The letter to the respondent contains a code that he or she can input into the portal so that acknowledgement can be filed electronically. This letter can be downloaded by both sides. It comes with a warning that “You must only sign in to this service if you are [NAME]. You could be fined or imprisoned for contempt of court if you access this service illegally.”

That warning is all well and good, but giving the petitioner access to this code creates the possibility that a dishonest petitioner (or, perish the thought, an unscrupulous petitioner’s solicitor) could simply file the acknowledgement of service on behalf of the respondent without him or her knowing. If the petitioner did not put the respondent’s real address on the divorce petition, the respondent would never receive the divorce petition and would be none the wiser.

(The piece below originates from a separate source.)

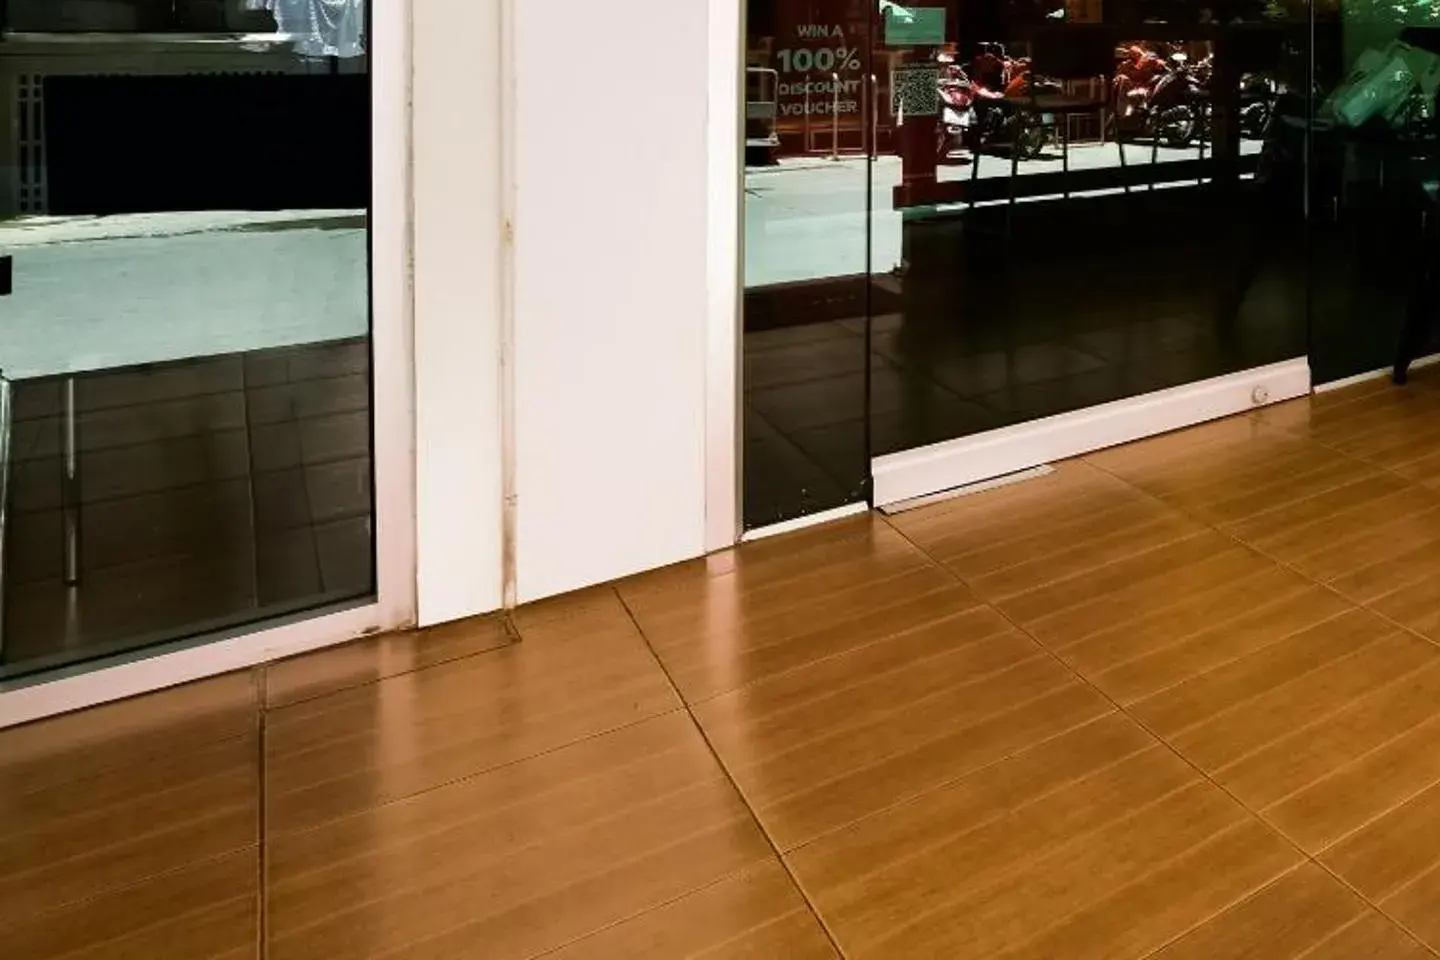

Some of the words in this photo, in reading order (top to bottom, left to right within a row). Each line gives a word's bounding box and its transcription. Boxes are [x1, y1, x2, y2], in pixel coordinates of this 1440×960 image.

You might think that surely no-one could be so stupid. However, there have been cases where a party in a divorce has faked divorce papers, in circumstances where the truth was bound to come out sooner or later. It’s not just done by the ignorant or plain thick either; many apparently learned and intelligent people sometimes engage in fraud that are bound to fail in the end. In one case, fraud was committed by an experienced French judge who faked a marriage to her former partner to prevent him from marrying his new girlfriend.

Litigants in person use a different portal, although I suspect that both portals are similar. It may be that where a petition is representing himself or herself, then the letter is available for them to download, but this is still risky. If a client uses a solicitor, the file belongs to the client. If the client sacks the solicitor, the file may be passed to the client who would then have the file copy.

The petitioner does not need a copy of this letter. It should not be available for them to download. It is only a matter of time before someone, faced with an uncooperative spouse, succumbs to temptation.